Alors que les ratés coûteux de SAAQclic ont échaudé les contribuables, un nouveau projet numérique gouvernemental se prépare en coulisses. Dès le 31 janvier 2026, la Régie de l’énergie prévoit lancer « Prix Essence Québec », une plateforme de surveillance censée assurer la transparence à la pompe. Or, des documents obtenus par accès à l’information révèlent une planification technique défaillante et une lourdeur bureaucratique surprenante pour un outil que le secteur privé offre déjà gratuitement.
Ce chantier découle d’une obligation inscrite dans le projet de loi 69 : contraindre les quelque 2 800 stations-service de la province à transmettre leurs prix en temps réel à l’État. L’objectif est d’alimenter une carte interactive officielle sur le site de la Régie.
Pourtant, l’analyse des contrats et de la correspondance administrative soulève de sérieuses questions sur la pertinence et la rigueur budgétaire de cette initiative.
Une concurrence ignorée par l’État
Pour l’automobiliste québécois, comparer le prix du carburant est une habitude déjà ancrée grâce à des outils comme Google Maps, Waze ou GasBuddy.
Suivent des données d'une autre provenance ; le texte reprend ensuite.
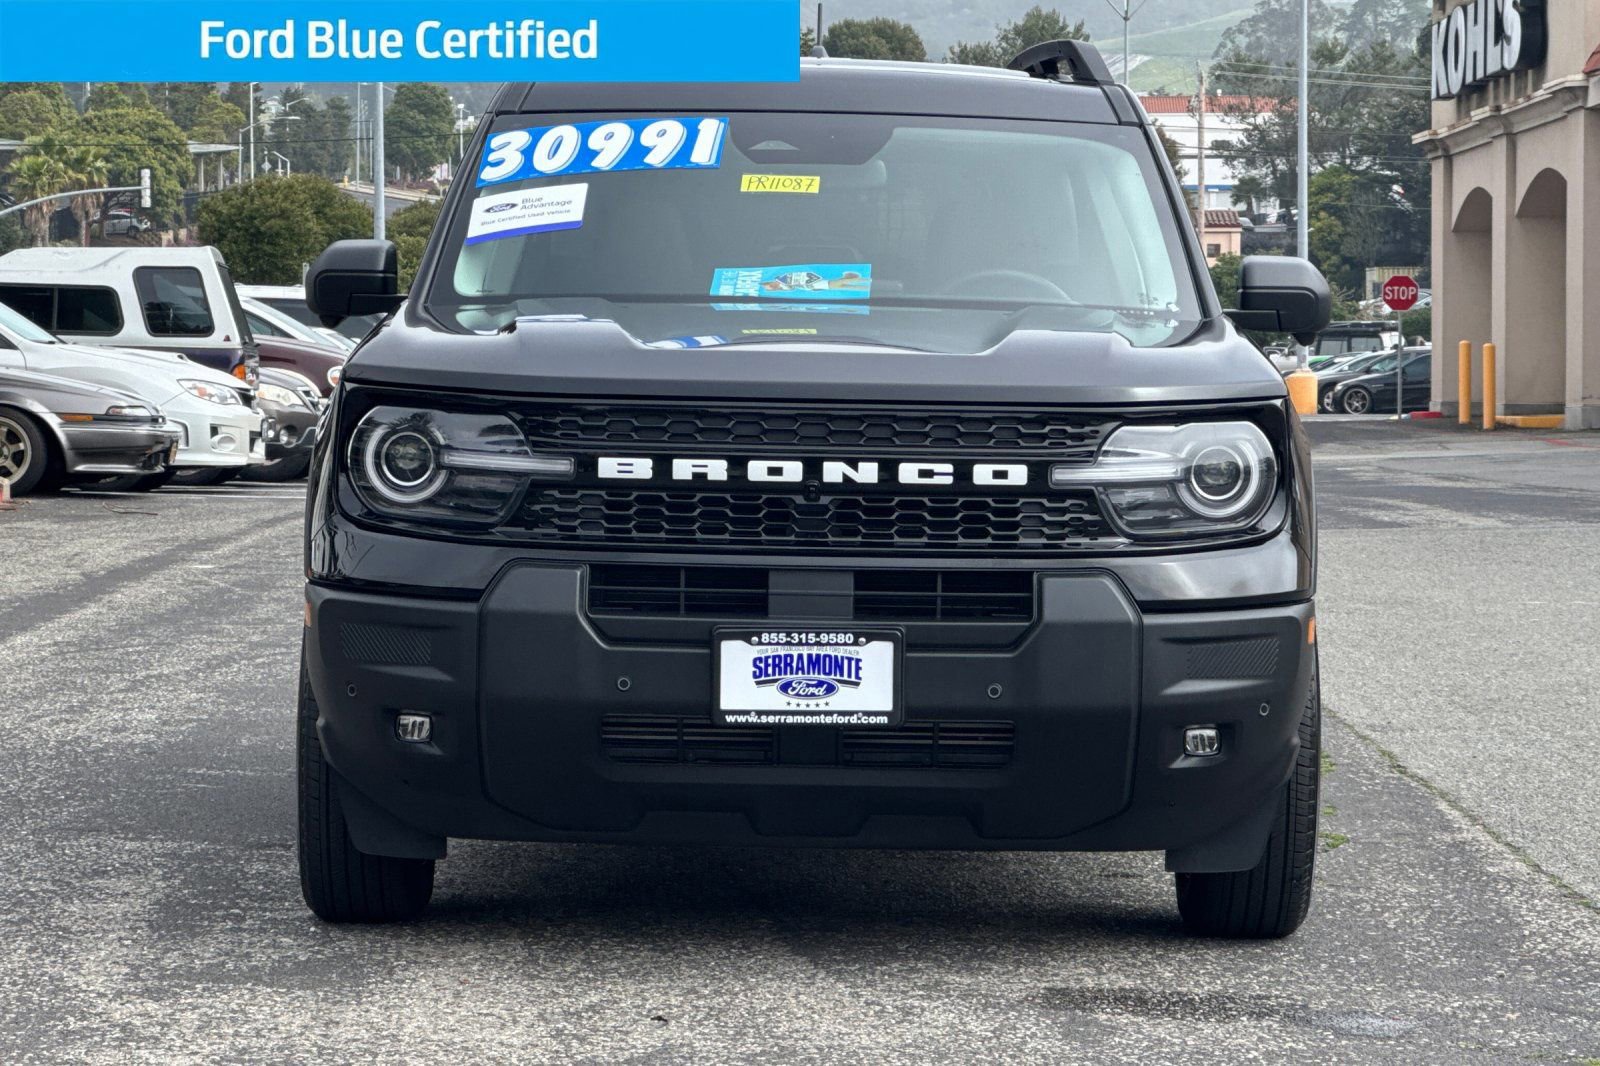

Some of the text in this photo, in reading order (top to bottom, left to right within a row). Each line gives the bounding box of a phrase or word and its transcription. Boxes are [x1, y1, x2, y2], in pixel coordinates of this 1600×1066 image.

[480, 118, 725, 182] 30991
[520, 200, 573, 210] Advantage
[521, 197, 544, 205] Blue
[497, 214, 526, 223] Certified
[1384, 286, 1417, 300] STOP
[598, 457, 1028, 485] BRONCO
[761, 633, 854, 644] 855-315-9580
[752, 653, 863, 681] SERRAMONTE
[787, 680, 827, 696] Ford
[725, 713, 888, 724] www.serramonteford.com
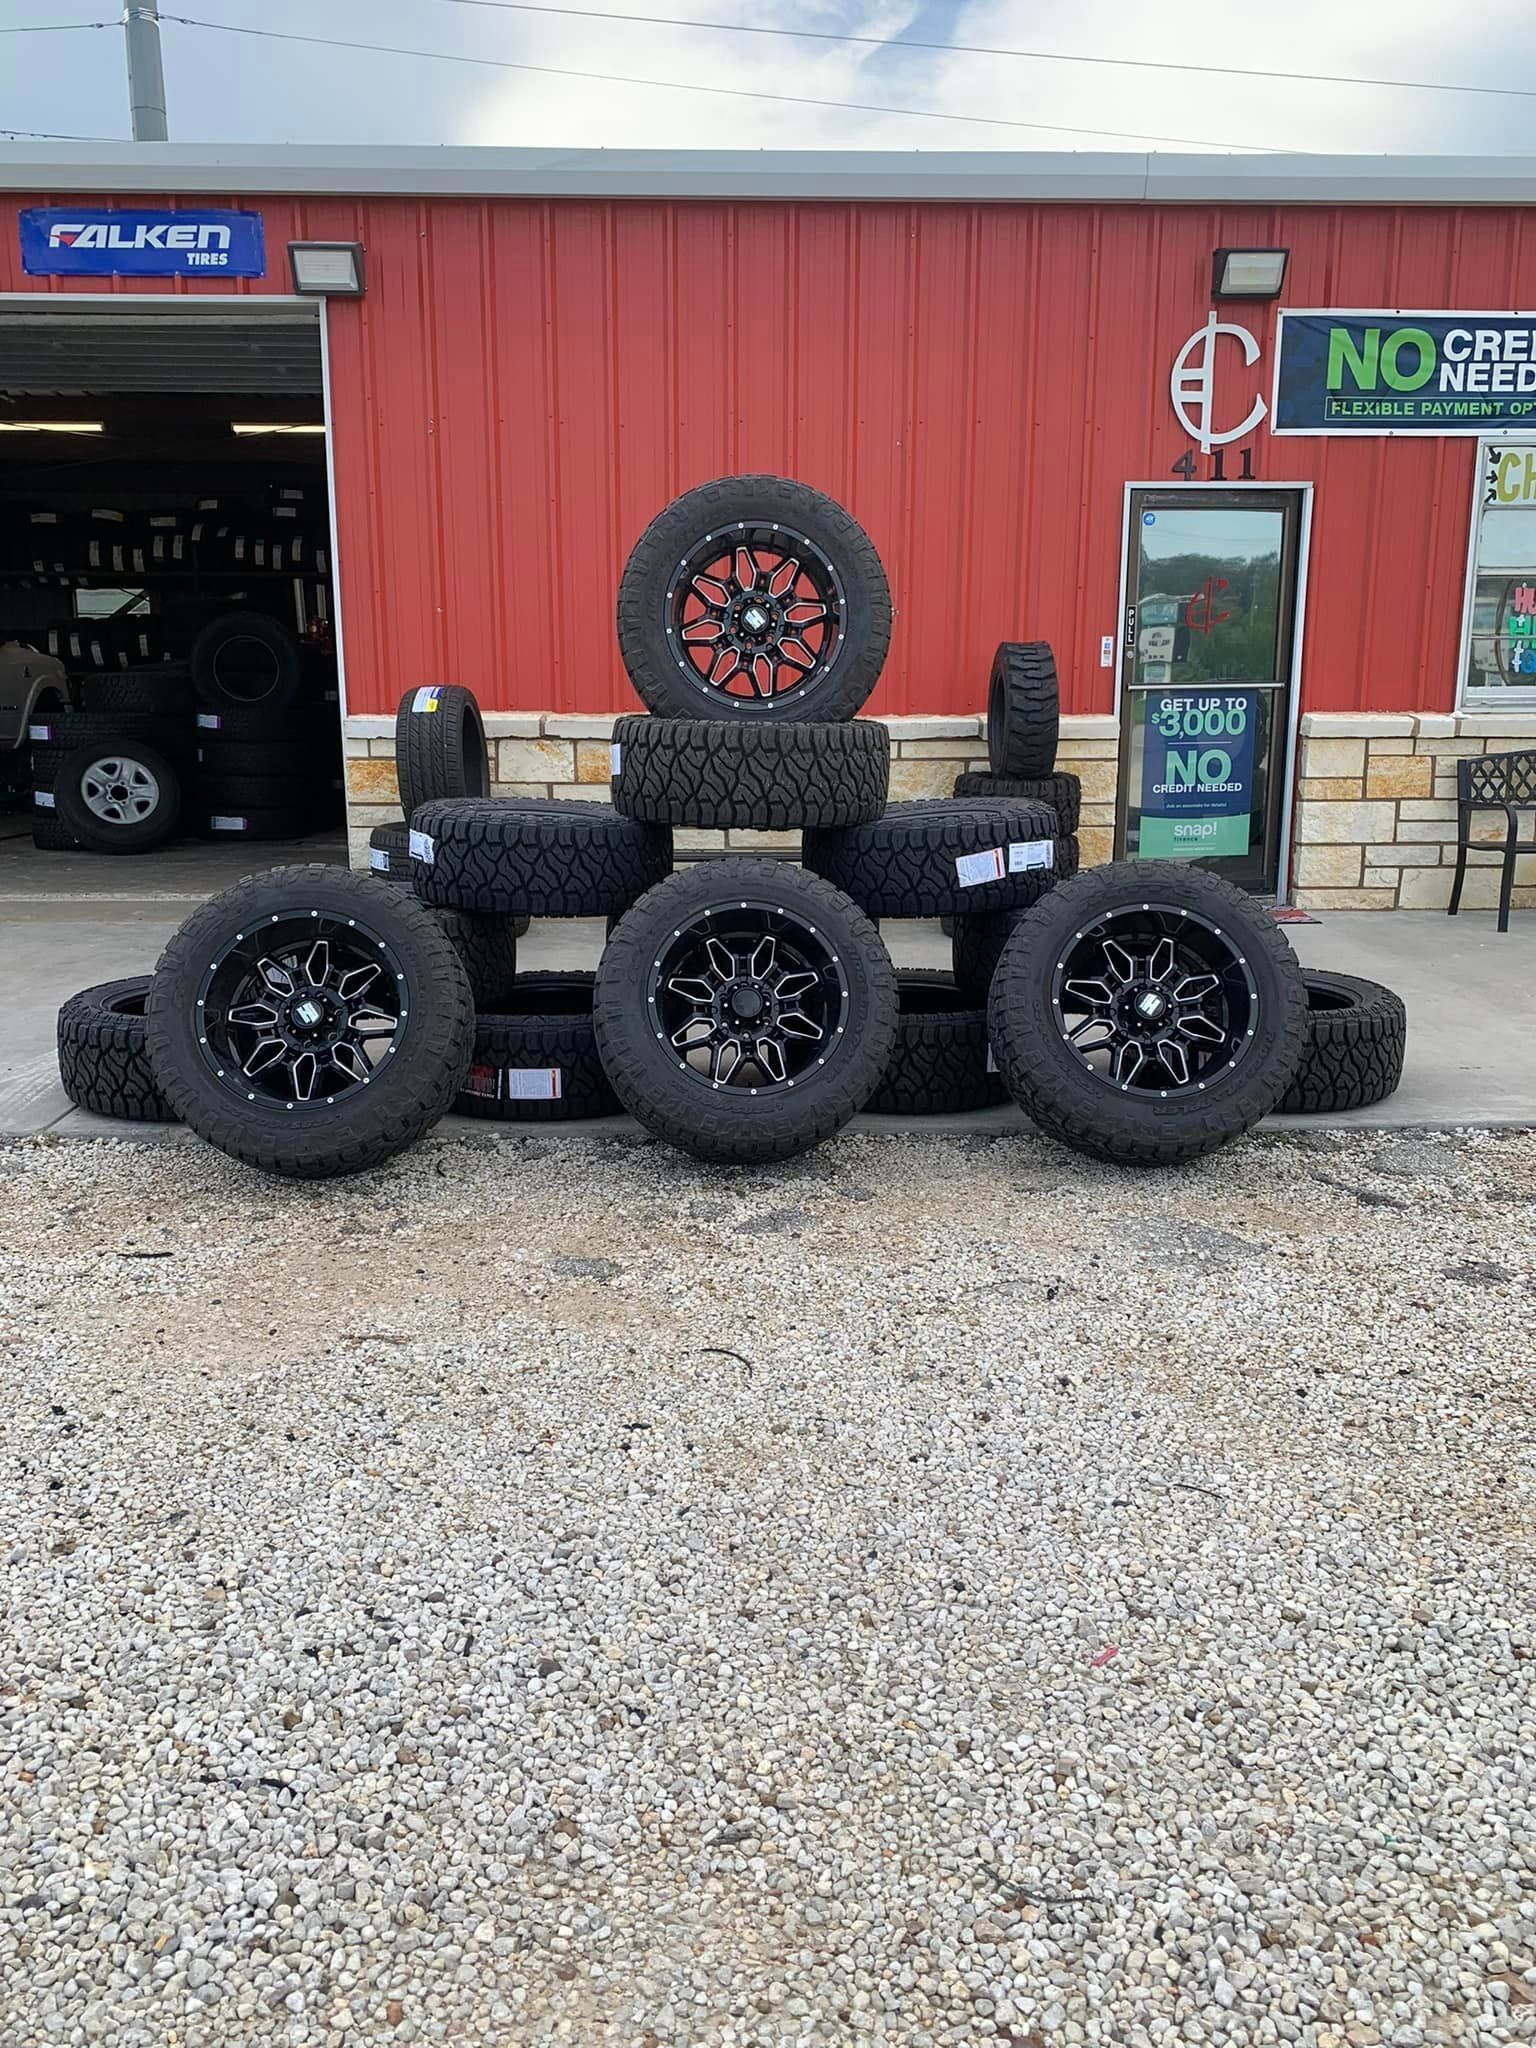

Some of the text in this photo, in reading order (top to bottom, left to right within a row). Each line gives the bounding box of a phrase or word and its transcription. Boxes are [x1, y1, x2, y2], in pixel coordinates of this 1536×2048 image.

[48, 224, 231, 249] FALKEN
[187, 253, 228, 265] TIRES
[1326, 328, 1437, 392] NO
[1331, 402, 1415, 416] FLEXIBLE
[1421, 402, 1502, 416] PAYMENT
[1171, 448, 1256, 481] 411
[1127, 609, 1136, 643] PULL
[1160, 698, 1248, 712] GET UP TO
[1151, 708, 1247, 739] $3,000
[1165, 749, 1232, 786] NO
[1152, 783, 1243, 794] CREDIT NEEDED
[1174, 822, 1217, 839] snap!
Ces applications offrent une précision suffisante pour le quotidien, sans coûter un sou aux fonds publics.
L’État a-t-il vérifié si le besoin était déjà comblé avant d’investir? La réponse est non. Dans une réponse officielle, la Régie de l’énergie a admis ne détenir « aucun document de comparatif de marché » ou d’analyse concurrentielle concernant des outils comme GasBuddy. Le gouvernement finance donc le développement d’un outil concurrent au secteur privé sans avoir documenté sa valeur ajoutée réelle.
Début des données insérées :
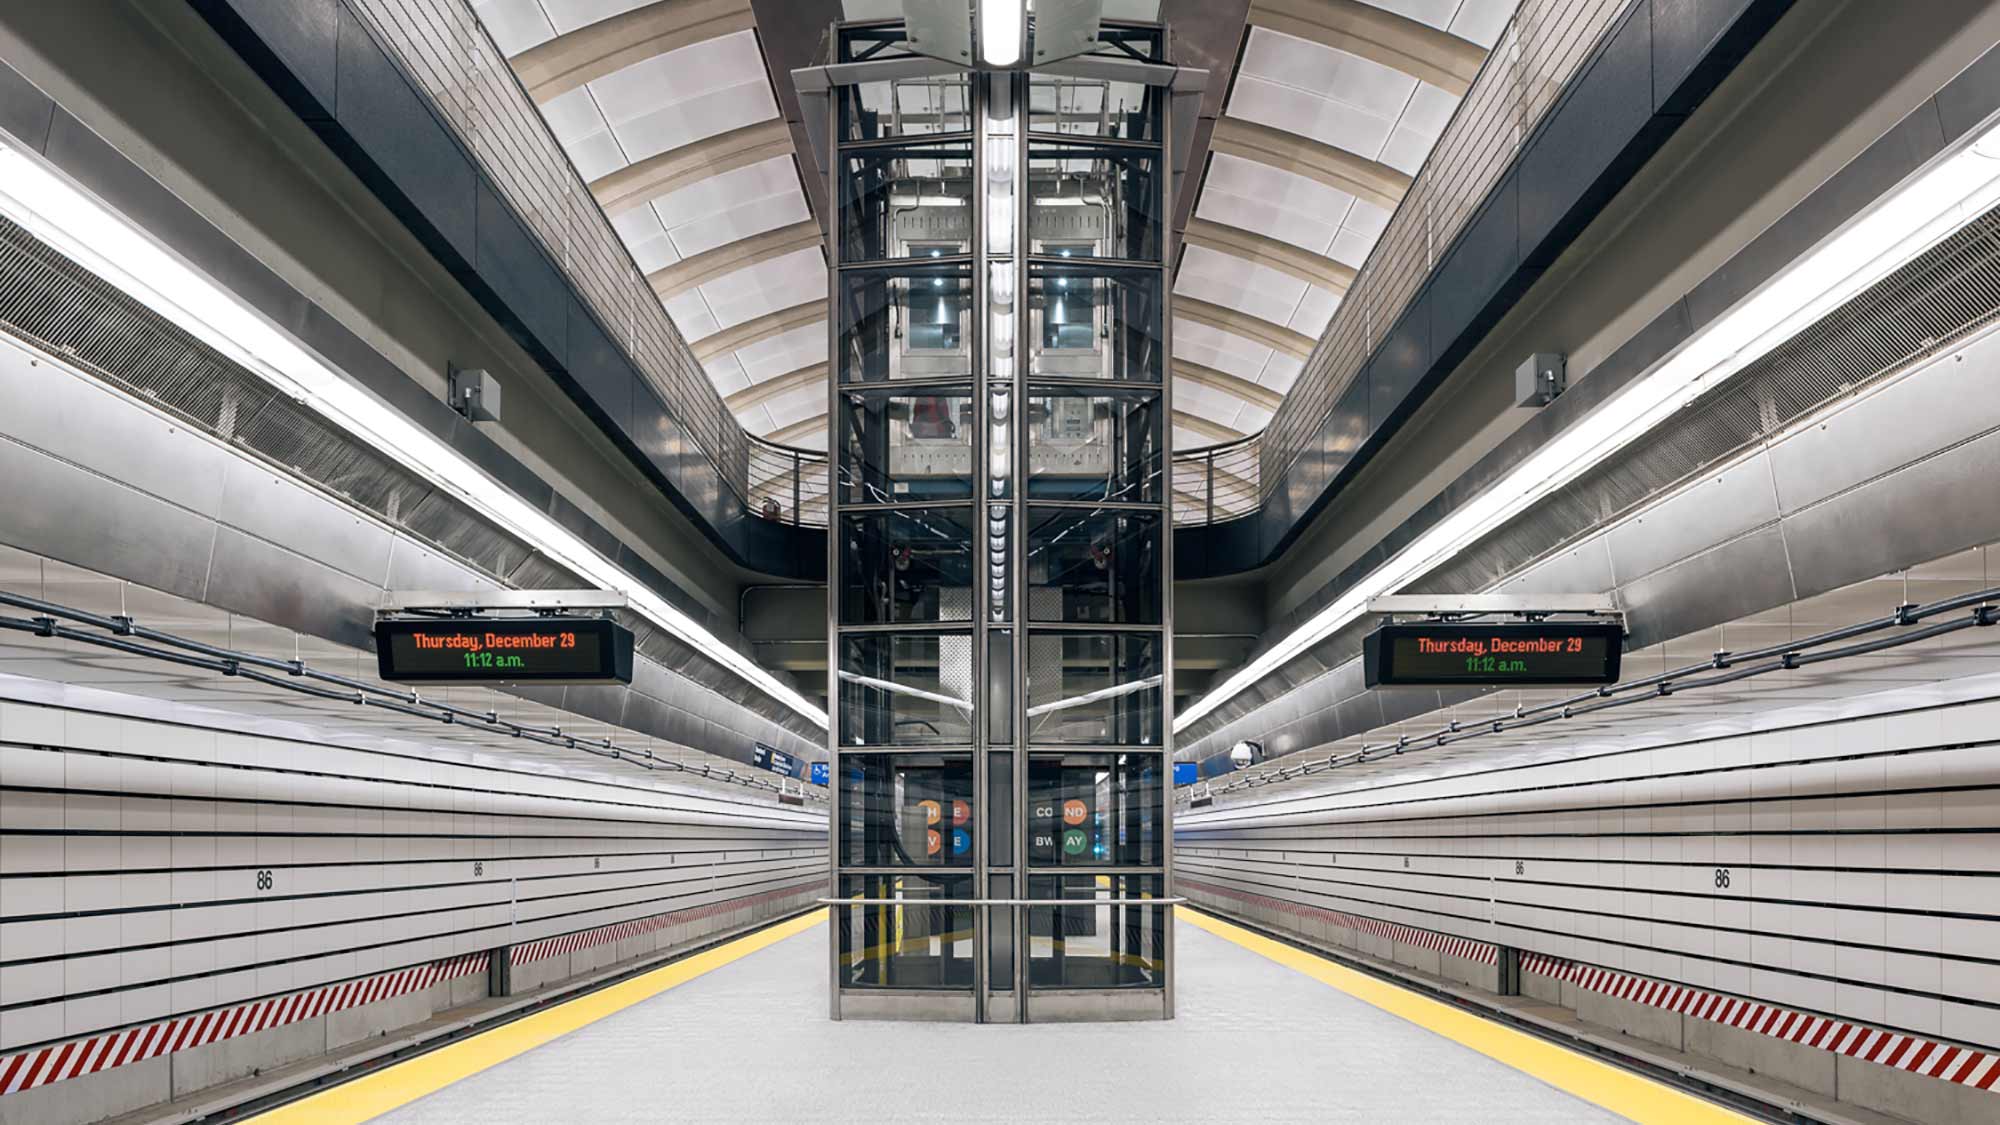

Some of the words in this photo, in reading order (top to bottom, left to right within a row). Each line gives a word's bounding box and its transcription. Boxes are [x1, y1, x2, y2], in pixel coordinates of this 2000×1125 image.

Un oubli technique à 44 000 $
Le contrat initial de services professionnels, signé en juin 2025, prévoyait un montant forfaitaire de 132 665 $ pour la création du portail. Mais la réalité du terrain a rapidement rattrapé les concepteurs.
La portée initiale du projet exigeait que les mises à jour de prix soient effectuées manuellement, « une station à la fois », via un portail sécurisé. Une méthode bureaucratique lourde et irréaliste pour les grandes bannières gérant des centaines de sites.
Pour corriger le tir, une demande de changement a dû être approuvée en octobre 2025. L’ajout d’une interface de programmation (API) permettant l’automatisation des envois a coûté 44 216 $ supplémentaires. Cet ajustement technique porte la facture totale de développement à près de 177 000 $, une augmentation substantielle avant même la première mise en ligne.
Un site automatisé… sous haute surveillance humaine
Paradoxalement, alors que l’État a payé des frais supplémentaires pour automatiser la collecte de données et que le site est conçu pour fonctionner de manière autonome, la structure de gestion demeure lourde.
Les documents révèlent qu’une équipe interne de sept employés de la Régie est affectée à la réalisation et à la supervision de ce projet. Pour gérer ce site Web, cette équipe est mobilisée à travers trois niveaux de comités : un comité stratégique mensuel, un comité tactique hebdomadaire et des rencontres de suivi quotidiennes.
Une supervision administrative intense pour un outil qui, techniquement, ne fait qu’afficher des données transmises automatiquement par les ordinateurs des stations-service.

Comme l’illustrent les indicateurs bleus ci-dessus, la gestion de ce portail ne relève pas d’une petite équipe technique isolée. Elle mobilise quatre directions stratégiques distinctes au sein de l’organigramme, impliquant une chaîne de décision complexe incluant la haute direction, l’administration et la surveillance économique.
Les coûts cachés de l’infonuagique
À cette masse salariale interne s’ajoutent les coûts d’opération externes. Les documents contractuels précisent que les « coûts d’infrastructure » sont exclus de l’entente de développement.
L’hébergement de la solution sur la plateforme Microsoft Azure, nécessaire pour assurer la sécurité et la disponibilité du site, sera payé directement par la Régie. Avec des exigences techniques pointues — incluant des réseaux privés virtuels et une gestion d’API sécurisée — ces frais récurrents s’ajouteront à la facture année après année.
Surveiller les marges plutôt que les taxes
Au-delà de la technique, ce projet illustre un choix politique. En créant cet outil de surveillance, le gouvernement met l’accent sur la volatilité des marges commerciales des détaillants. Pourtant, une portion massive du prix payé à la pompe est constituée de taxes fixes et de coûts liés au marché du carbone, sur lesquels cet outil n’offre aucune transparence.
La plateforme « Prix Essence Québec » doit être livrée le 31 janvier 2026. Reste à voir si les automobilistes délaisseront leurs applications habituelles pour cet outil officiel, lourdement encadré et financé par leurs impôts.